Pepper spray is a legal and non-lethal form of self-protection commonly used by police, security guards, and civilians against assailants. The active ingredient in pepper spray is capsaicin, which is an oily extract from chili pepper plants. The spray’s recommended target is the eyes because of its immediate onset of action inducing pain, tearing, blurred vision, and blepharospasm. A single exposure to pepper spray is intended to cause a minor and transient ocular surface injury that is relatively harmless to the cornea and conjunctiva.
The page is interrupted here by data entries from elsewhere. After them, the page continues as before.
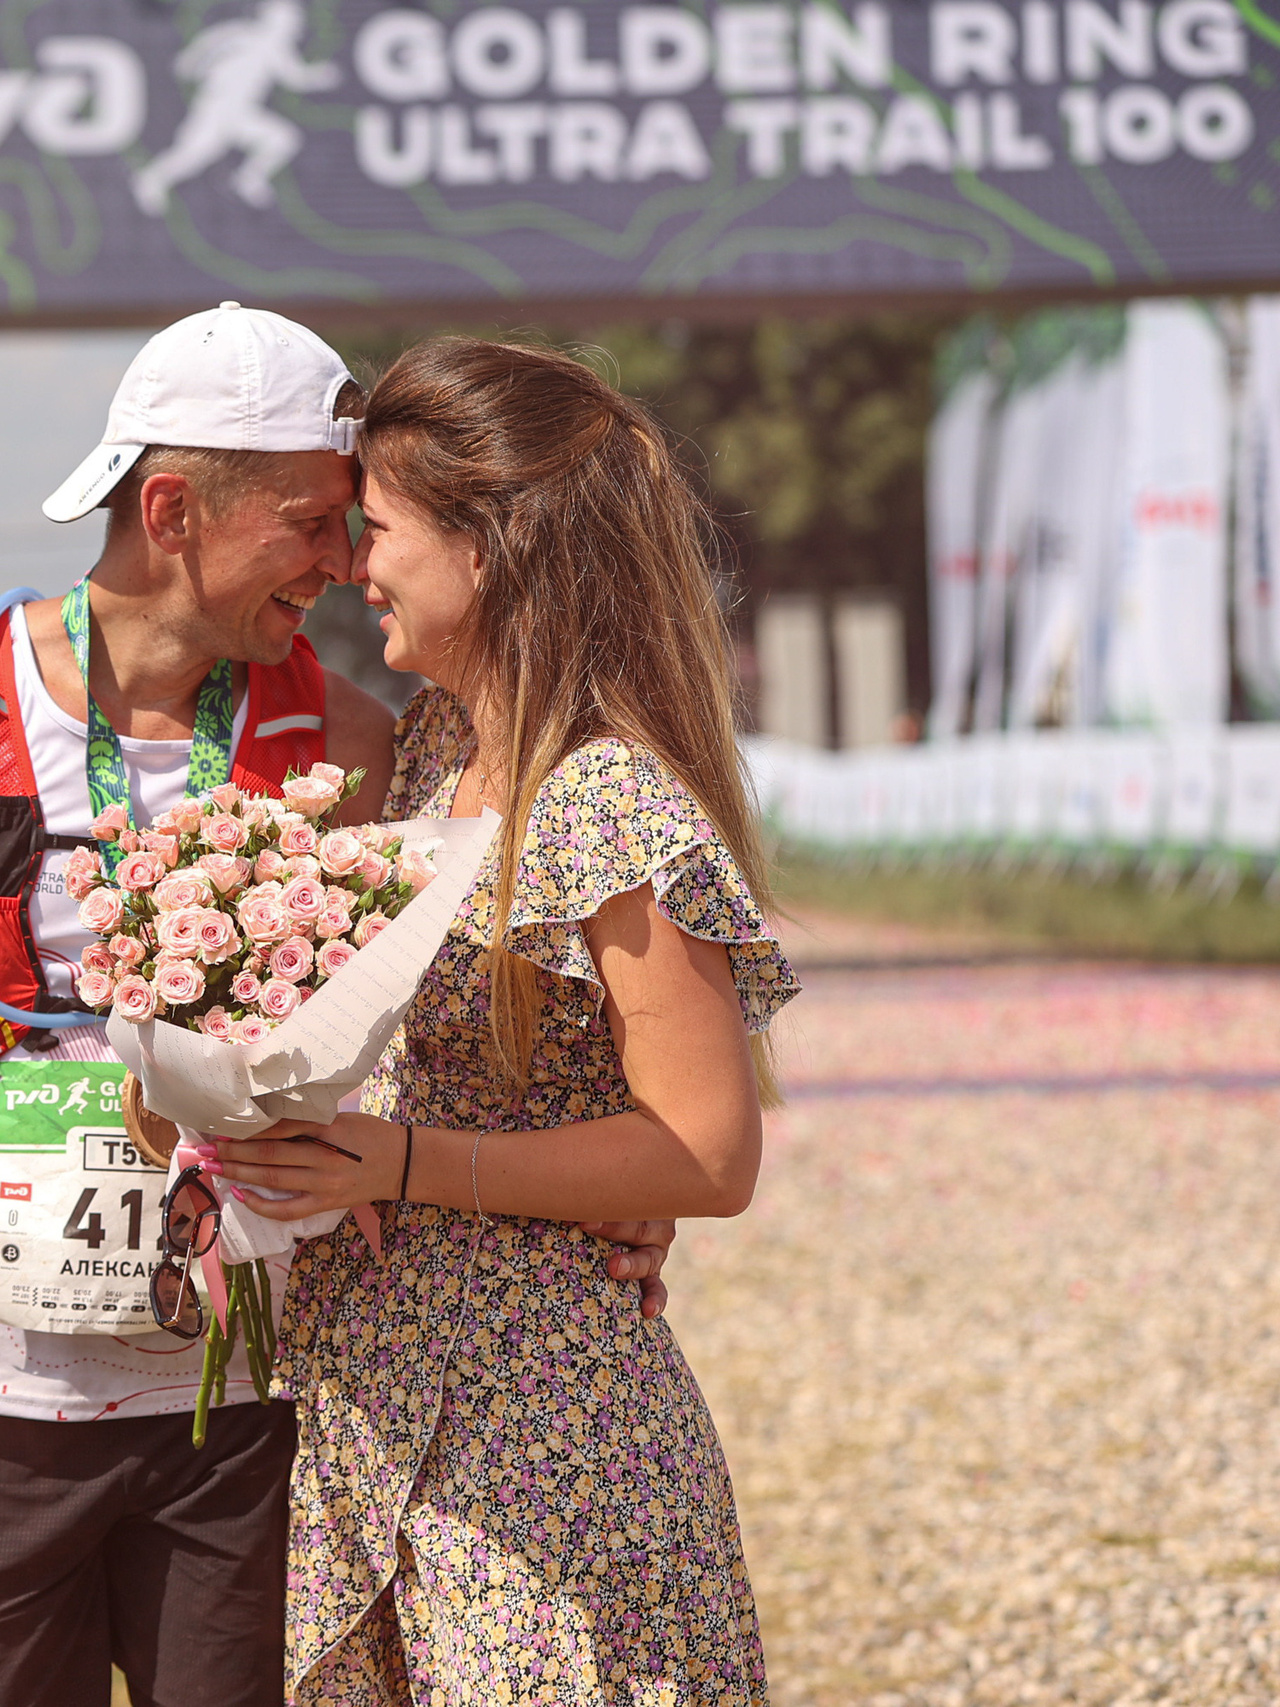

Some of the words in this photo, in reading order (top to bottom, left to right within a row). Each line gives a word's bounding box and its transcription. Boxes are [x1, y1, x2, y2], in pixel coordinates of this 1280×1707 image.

[354, 2, 893, 98] GOLDEN
[930, 0, 1248, 84] RING
[355, 101, 712, 187] ULTRA
[723, 92, 1052, 179] TRAIL
[1058, 84, 1254, 163] 100
[34, 882, 63, 895] ORLD
[103, 1141, 151, 1166] T5
[60, 1258, 187, 1278] АЛЕКСАН
However, serious and long-lasting ocular damage can result with delayed management (i.e., prompt irrigation and medical care). Hua and Hughes (2013) presented a case report of a 27-year-old male who suffered a large central corneal abrasion secondary to a pepper spray exposure.
A Burning Problem
Our patient is a 36-year-old male who at age 22 was on the wrong end of a pepper spray incident that caused significant corneal and conjunctival damage to his left eye. Entering visual acuities without correction were right eye 20/20 and left eye 20/400. Slit lamp examination of the left eye showed superior corneal/conjunctival scarring and pterygia formation secondary to the suspected stem cell compromise from the initial injury (Figure 1). It is impossible to know how much of the ocular surface damage was caused by the initial exposure to the pepper spray mixture, the violent rubbing, and/or the delays in irrigation and medical treatment.
The inferior two-thirds of the pupillary axis was relatively clear; therefore, an improved visual acuity was expected with the contact lens refraction. The posterior segment examination of the left eye was within normal limits. Corneal topography was attempted on the left eye, but failed due to the corneal scarring.
An Underlying Condition
The patient was diagnostically fitted with a scleral lens (Figure 2), and the best-corrected visual acuity (BCVA) was 20/60. This was somewhat less than anticipated based on the slit lamp exam. Anterior segment optical coherence tomography (AS-OCT) showed a subepithelial scar with a thickness of about 60 microns at the level of Bowman’s layer (Figure 3). We suspect that the less-than-anticipated BCVA may be related to the subepithelial scar.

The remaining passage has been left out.